Ghost Suppers And The Day Of The Dead

For Christians, November 1st is All Saint’s Day, followed by tomorrow’s observance of All Souls’ Day. Mexicans go one better and use both November 1st and 2nd to celebrate Dia de los Muertos, or Day of the Dead, a very creepy way to honor those who’ve passed over if you ask me.


If you wish to do a full cultural immersion approach to remembering dead ancestors I vastly prefer the Native American tradition of “Ghost Suppers” held by the Anishinaabe peoples of Michigan, the Odawa, Ojibwa and Potawatomi tribes.  It seems to be a bit of a moveable feast, although always sometime in November as the barrier between the living and the spirit world is said to be weaker during this season. It is usually celebrated on either November 1st or the first weekend of the month.

The Ghost Supper, also known as “Spirit Feast,” is a communal gathering to honor and remember ancestors and loved ones who have departed from the physical world. A ceremonial bonfire is mandatory, as it represents a portal for the ancestral spirits to return to enjoy the meal. The fire is lit at dusk and put out at dawn. Tobacco, along with small offerings of all the food prepared for the feast are thrown in the fire as offerings to the dead.

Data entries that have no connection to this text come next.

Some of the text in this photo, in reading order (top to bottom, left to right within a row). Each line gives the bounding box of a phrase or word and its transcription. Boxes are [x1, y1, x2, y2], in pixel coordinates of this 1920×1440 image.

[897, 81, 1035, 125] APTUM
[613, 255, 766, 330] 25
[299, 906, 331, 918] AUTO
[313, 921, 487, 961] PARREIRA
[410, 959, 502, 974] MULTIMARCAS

The dinner begins with a “smudging” over the food – a blessing that consists of the burning of sage. The feast itself is similar to a Thanksgiving potluck including traditional dishes such as turkey and dressing, venison, wild rice, fry bread, potatoes, squash, corn soup and smoked whitefish. It is customary to leave doors unlocked during Ghost Suppers so that people (and spirits) may enter freely. In many places families hold Ghost Suppers  on the same night and neighbors, friends and relatives wander from house to house to share parts of the meal with each other and to honor all the ancestors.

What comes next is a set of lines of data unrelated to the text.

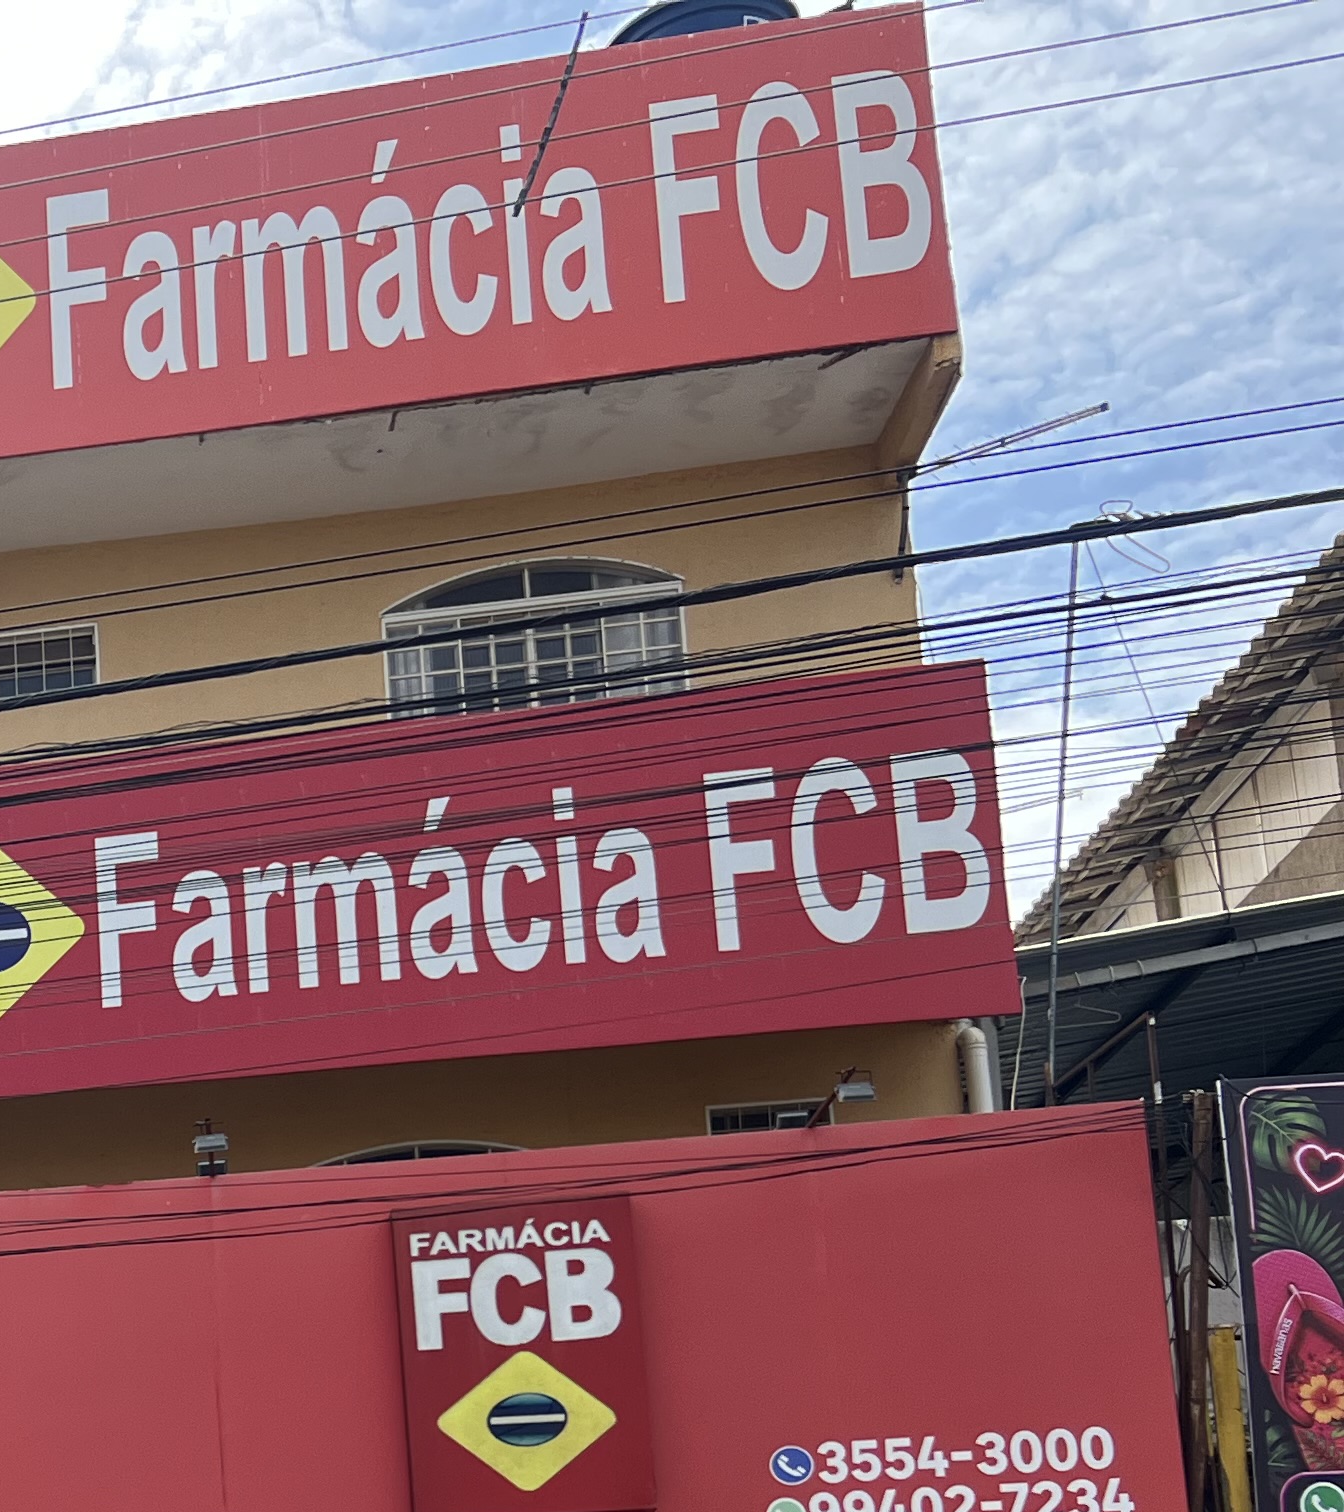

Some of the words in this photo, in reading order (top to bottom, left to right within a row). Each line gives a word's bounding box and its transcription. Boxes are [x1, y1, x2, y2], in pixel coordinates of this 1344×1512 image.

[43, 124, 613, 390] Farmácia
[648, 68, 933, 305] FCB
[93, 786, 667, 1010] Farmácia
[703, 748, 992, 954] FCB
[408, 1217, 611, 1258] FARMÁCIA
[410, 1246, 622, 1352] FCB
[817, 1426, 1116, 1484] 3554-3000

What a sight these neighborhoods must be on a cool autumn night: people eerily traipsing from house to house in the intermingled mist and bonfire smoke.

mist walkers

Yes, I definitely prefer the customs of the Northern Native Americans to those of the Southern Northern Native Americans; I’ll take eerie to creepy any day.

day of the dead

So get your spirits on: you don’t have to live on a Reservation to honor your dead ancestors. You might want to think twice about leaving your door unlocked however, now that police are being defunded left and right and first responders everywhere are being fired for not getting vaccinated. No need to join your ancestors ahead of schedule.